A misoginia, que consiste no ódio ou aversão às mulheres, pode se tornar crime. É o que determinam projetos de lei em análise no Senado.

Além de medidas de combate à misoginia, também há nas proposições medidas para estabelecer uma política de prevenção e para melhorar o atendimento às vítimas.

Um dos projetos é o PL 896/2023, da senadora Ana Paula Lobato (PDT-MA), que define misoginia como a conduta que manifeste ódio ou aversão às mulheres, baseada na crença da supremacia do gênero masculino. O texto está na Comissão de Direitos Humanos (CDH) para a análise de emendas apresentadas em plenário e tem como relatora a senadora Augusta Brito (PT-CE).

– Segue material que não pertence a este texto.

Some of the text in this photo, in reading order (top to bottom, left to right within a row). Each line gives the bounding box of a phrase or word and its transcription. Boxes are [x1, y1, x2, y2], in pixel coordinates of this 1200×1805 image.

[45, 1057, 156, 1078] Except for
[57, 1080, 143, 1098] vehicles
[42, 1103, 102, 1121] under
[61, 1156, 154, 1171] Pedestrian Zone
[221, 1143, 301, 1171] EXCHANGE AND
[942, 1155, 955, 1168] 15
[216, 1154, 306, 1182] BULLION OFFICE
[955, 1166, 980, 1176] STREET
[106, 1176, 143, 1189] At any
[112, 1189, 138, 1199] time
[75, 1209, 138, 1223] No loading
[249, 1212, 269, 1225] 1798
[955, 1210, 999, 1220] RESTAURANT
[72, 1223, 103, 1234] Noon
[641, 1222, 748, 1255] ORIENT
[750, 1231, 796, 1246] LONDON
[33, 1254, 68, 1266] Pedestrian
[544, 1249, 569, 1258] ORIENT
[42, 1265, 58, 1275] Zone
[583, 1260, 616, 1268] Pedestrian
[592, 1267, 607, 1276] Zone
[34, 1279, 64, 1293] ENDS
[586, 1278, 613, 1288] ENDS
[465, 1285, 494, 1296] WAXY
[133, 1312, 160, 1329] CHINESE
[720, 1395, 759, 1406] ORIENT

O projeto altera a Lei do Racismo (Lei 7.716, de 1989) para tipificar a misoginia como crime de discriminação. Pelo texto, o primeiro artigo da norma passa a ter a seguinte redação: “Serão punidos, na forma desta Lei, os crimes resultantes de discriminação ou preconceito de raça, cor, etnia, religião ou procedência nacional ou praticados em razão de misoginia”.

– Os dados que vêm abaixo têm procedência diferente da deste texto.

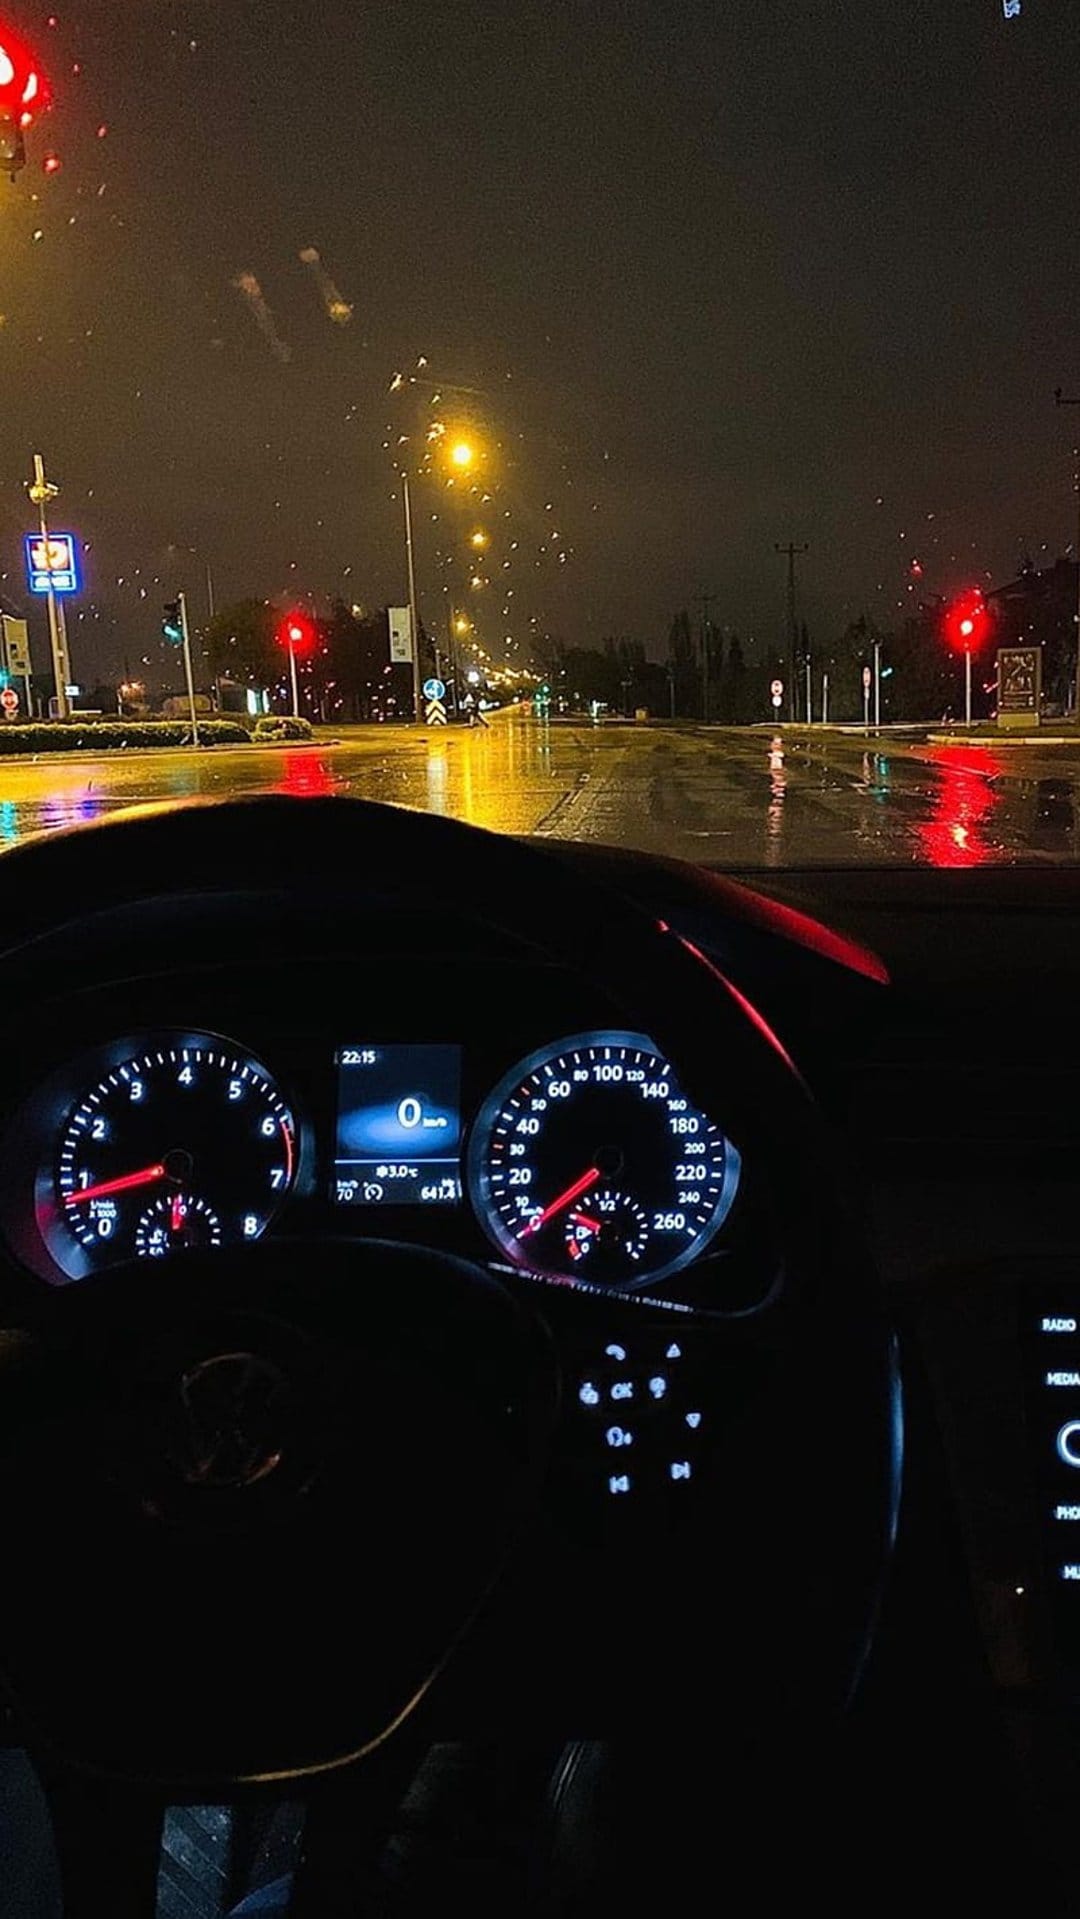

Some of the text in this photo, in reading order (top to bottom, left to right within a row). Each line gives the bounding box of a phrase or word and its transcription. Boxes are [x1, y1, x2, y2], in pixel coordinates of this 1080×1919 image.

[342, 1051, 375, 1064] 22:15
[179, 1067, 193, 1085] 4
[574, 1070, 588, 1081] 80
[593, 1065, 623, 1081] 100
[626, 1070, 645, 1082] 120
[129, 1082, 142, 1099] 3
[228, 1082, 241, 1099] 5
[548, 1081, 571, 1098] 60
[639, 1081, 669, 1098] 140
[398, 1098, 421, 1128] 0
[531, 1099, 547, 1111] 50
[667, 1099, 687, 1111] 160
[91, 1119, 105, 1138] 2
[262, 1116, 275, 1135] 6
[516, 1118, 539, 1134] 40
[669, 1118, 699, 1134] 180
[510, 1144, 525, 1155] 30
[684, 1143, 705, 1155] 200
[79, 1171, 88, 1190] 1
[270, 1169, 283, 1187] 7
[509, 1168, 532, 1185] 20
[675, 1165, 706, 1181] 220
[337, 1189, 352, 1201] 70
[421, 1186, 455, 1200] 641.4
[679, 1192, 701, 1204] 240
[515, 1196, 529, 1208] 10
[599, 1199, 617, 1212] 1/2
[98, 1218, 111, 1236] 0
[244, 1216, 258, 1236] 8
[653, 1214, 685, 1230] 260
[581, 1242, 590, 1254] 0
[1042, 1318, 1077, 1332] RADIO
[1046, 1372, 1080, 1386] MEDIA
[610, 1382, 633, 1399] OK

Em outubro de 2025, a autora do projeto afirmou ter sido alvo de ameaças de morte por causa do texto. As ameaças, feitas pelas redes sociais, foram repudiadas em nota pela Procuradoria da Mulher no Senado.

Aprovado em dezembro pela Comissão de Constituição e Justiça (CCJ), em decisão final, o projeto seguiria para a Câmara dos Deputados, mas foi alvo de recurso do senador Eduardo Girão (Novo-CE) para a análise em plenário. O argumento do senador é de que a definição de misoginia adotada é ampla e imprecisa, abrindo espaço para criminalizar condutas que não configuram ódio ou aversão real às mulheres.

O projeto tramita em conjunto com o PL 985/2023, do senador Mecias de Jesus (Republicanos-RR), que também busca transformar em crime a misoginia.

e-Cidadania

O mesmo objetivo está em um projeto de lei decorrente de uma ideia legislativa apresentada no Portal e-Cidadania. A ideia alcançou 23.307 apoios no portal, ultrapassando o mínimo de 20 mil manifestações exigidas para análise pelo Senado, e foi transformada em sugestão legislativa. Aprovada pela CDH, a sugestão originou o PL 2.882/2023, em análise na mesma comissão.

A ideia foi enviada pela psicóloga e professora da Universidade de Brasília (UnB) Valeska Zanello, pesquisadora reconhecida na área de gênero e saúde mental. À equipe do portal e-Cidadania, Zanello afirmou que não se trata só da penalização dessa prática, mas também de educação. “É impossível falar da saúde mental sem tratar da misoginia, e o Brasil se construiu, historicamente, em cima de duas violências estruturais: o racismo e o sexismo”, disse a professora.

Assim como ela, qualquer cidadão pode enviar ideias legislativas, acompanhar a tramitação de projetos de lei e participar de consultas públicas, opinando sobre proposições em análise no Congresso pelo site www.senado.leg.br/ecidadania.

Outros projetos

A lista de projetos de combate à misoginia tem ainda o PL 4.224/2024, também da senadora Ana Paula Lobato, que institui a Política Nacional do Combate à Misoginia, com diretrizes e instrumentos para a prevenção, a conscientização, a proteção e a responsabilização penal  nesses casos. O projeto, em análise na CDH, tem como relator o senador Eduardo Girão.

Já o PL 4.403/2024, da senadora Teresa Leitão (PT-PE), cria um protocolo nacional para ser utilizado em situações de racismo, misoginia, discriminação por motivo de orientação sexual ou de identidade de gênero, registradas dentro das escolas. O texto também está na CDH, onde tem como relatora a senadora Professora Dorinha Seabra (União-TO).